Gesa Solveig DudenLucienne Martins-Borges
Published in: Psychotherapy research : journal of the Society for Psychotherapy Research (2020)
Globally, nearly 80 million people are forcibly displaced. Being a refugee can impact one's mental health profoundly. Although specific approaches for psychotherapy with refugees have been developed, this study is the first to investigate psychotherapy with refugees in Brazil. Semi-structured interviews were conducted with 18 psychotherapists in Brazil and analysed using consensual qualitative research and thematic analysis.
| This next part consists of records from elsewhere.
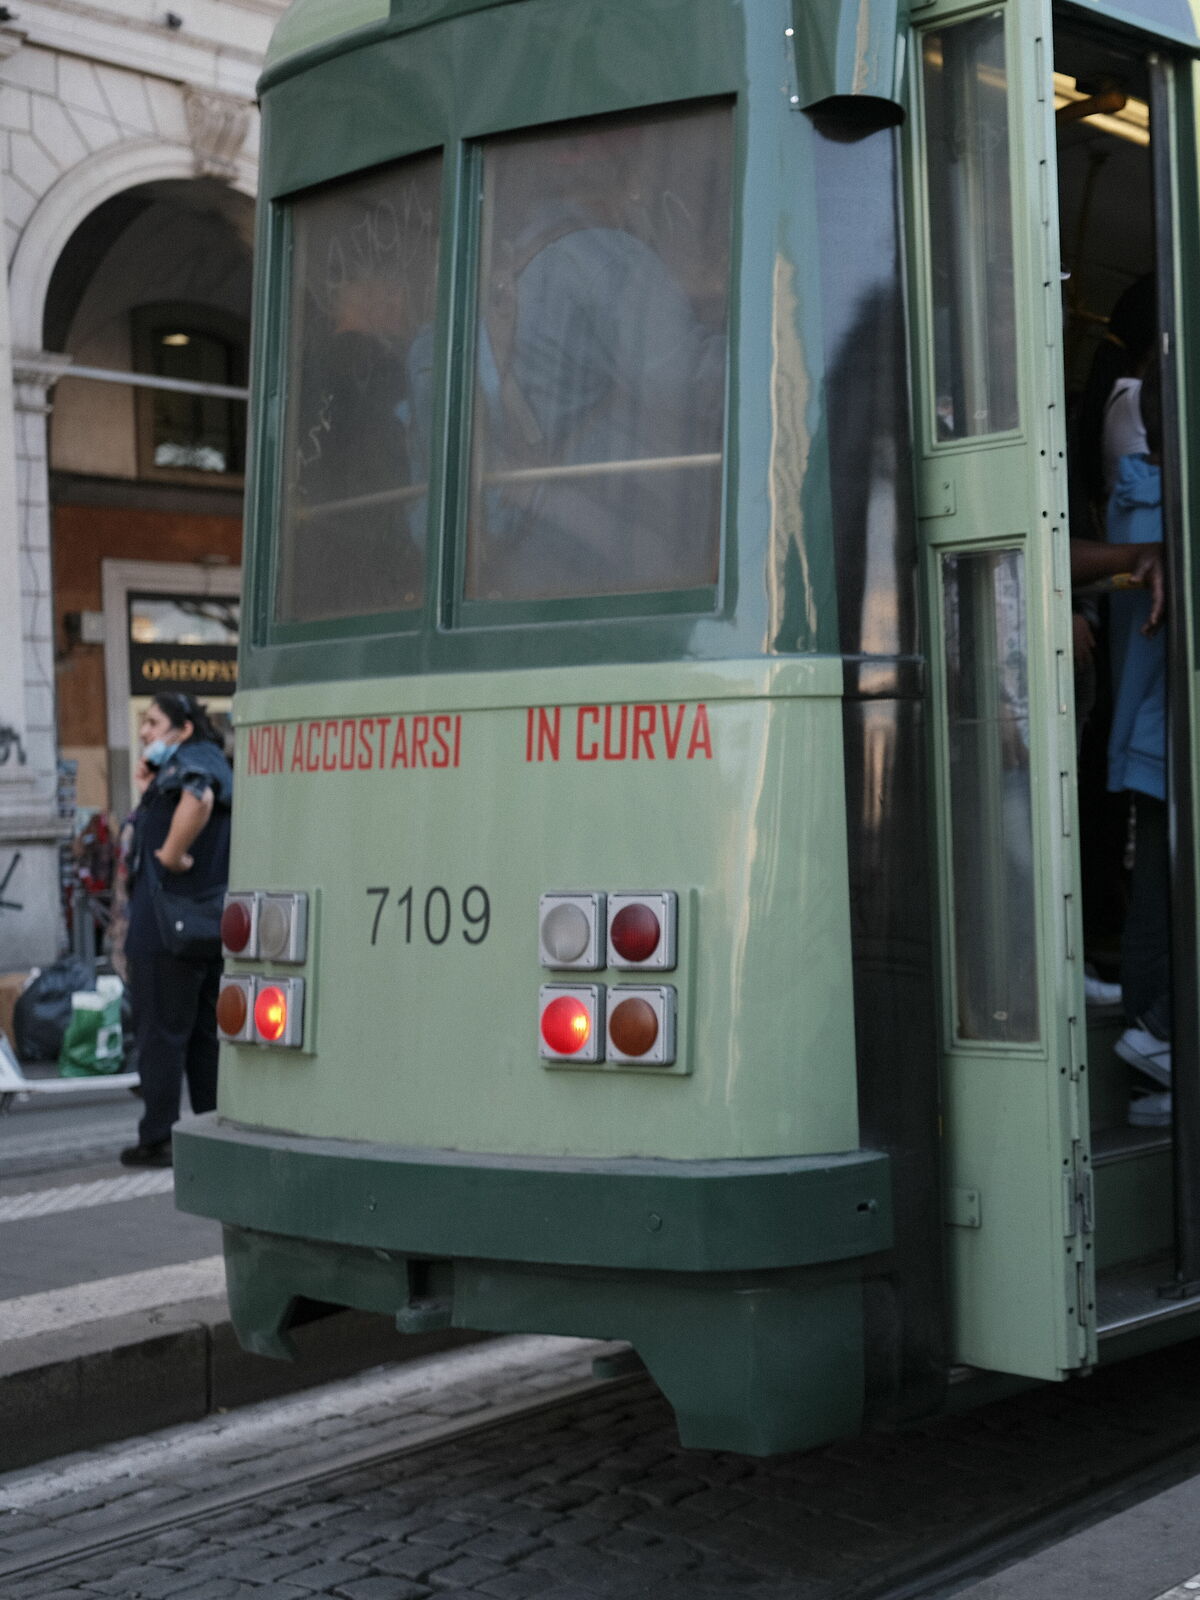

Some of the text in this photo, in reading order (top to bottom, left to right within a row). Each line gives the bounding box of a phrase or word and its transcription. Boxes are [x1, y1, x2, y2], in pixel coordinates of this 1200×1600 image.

[248, 704, 712, 775] NON ACCOSTARSI IN CURVA
[366, 884, 491, 946] 7109
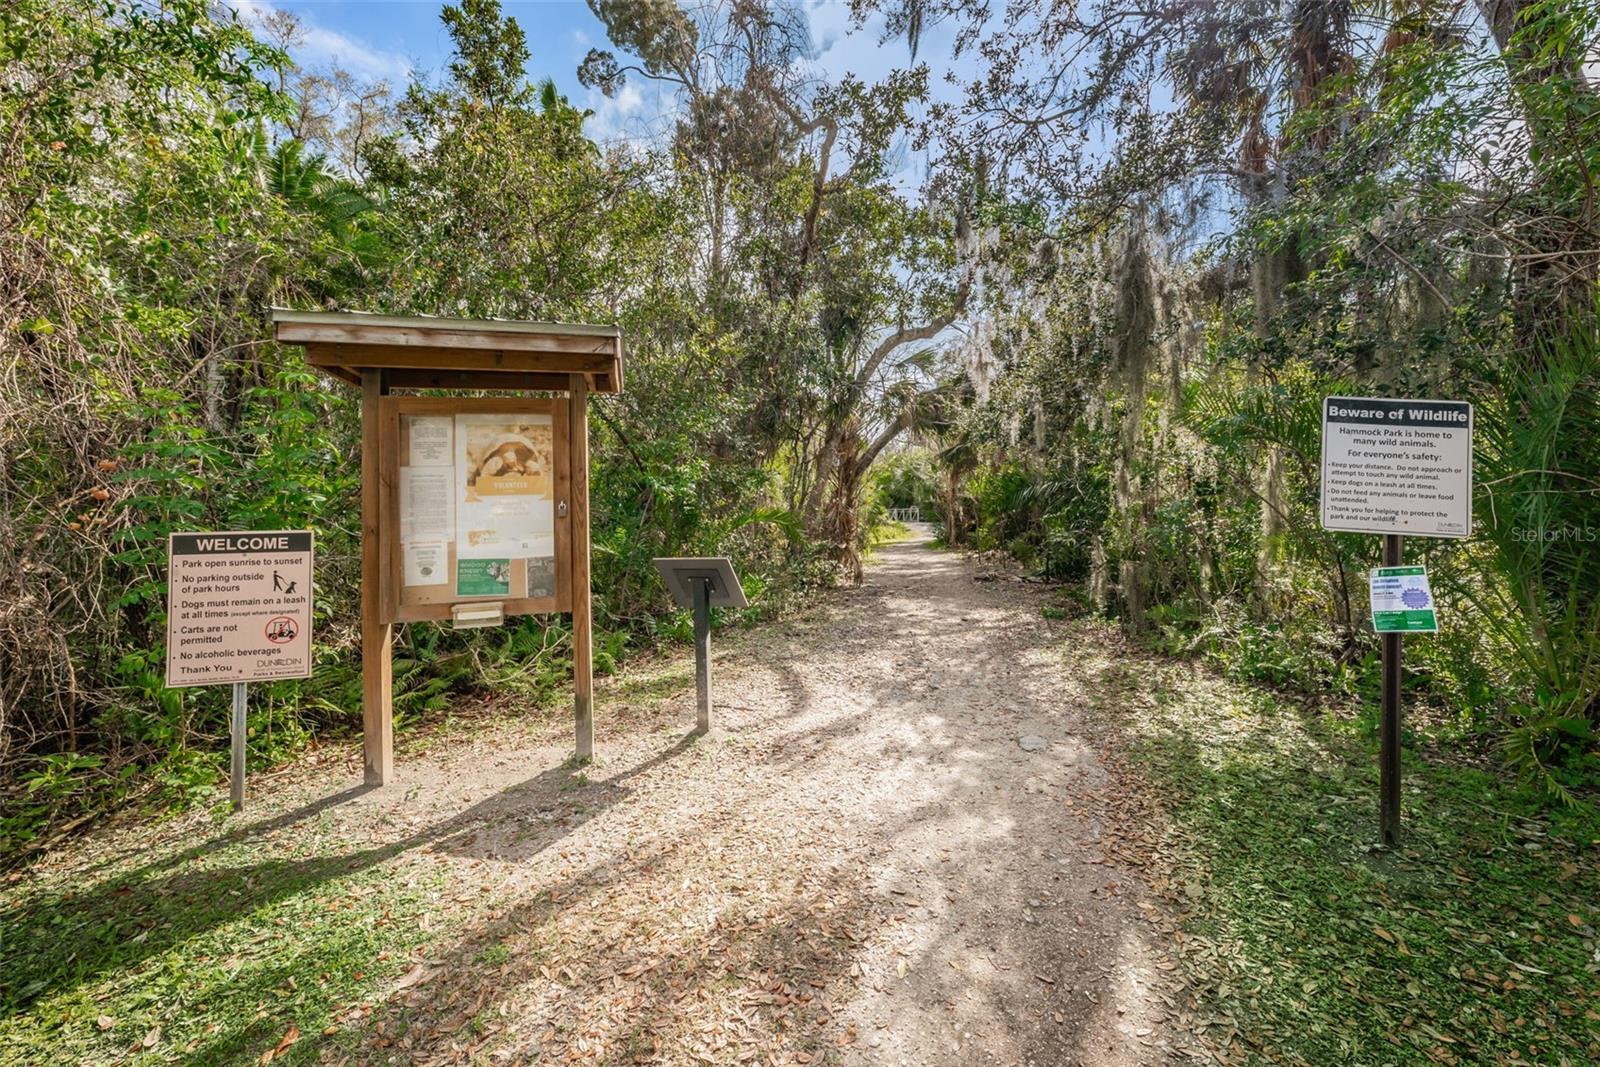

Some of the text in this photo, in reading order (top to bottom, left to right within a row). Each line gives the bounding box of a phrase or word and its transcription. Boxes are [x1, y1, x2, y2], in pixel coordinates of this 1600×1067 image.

[1329, 406, 1467, 422] Beware of Wildlife
[1339, 428, 1381, 436] Hammock
[1364, 451, 1410, 460] everyone's
[1412, 452, 1442, 461] safety:
[196, 537, 289, 551] WELCOME
[197, 574, 230, 583] parking
[193, 586, 213, 594] park
[182, 601, 204, 609] Dogs
[181, 635, 222, 645] permitted
[237, 648, 281, 657] beverages
[181, 666, 211, 674] Thank
Supportive and hindering elements in psychotherapy with refugee patients in Brazil were identified at eight different levels: the patient, the therapist, their relationship, the setting, the psychotherapeutic approach, the context of the patient, the context of the therapist and the societal context in Brazil. Hindering elements in the therapy include missing preparation for the integration of refugees, lack of interpreters, patients' mistrust and therapists feeling untrained, helpless and becoming overinvolved. Supportive elements include a trusting therapeutic relationship, therapists' cultural humility and structural competence, patients' societal inclusion as well as working with groups and networks. This study shows that in light of the enormous structural challenges for the mental wellbeing of refugee patients, therapists' flexibility and the reliance on collective work and networks of support is crucial. Future research might investigate in more detail notions of collectivity-based mental healthcare in intercultural therapy settings.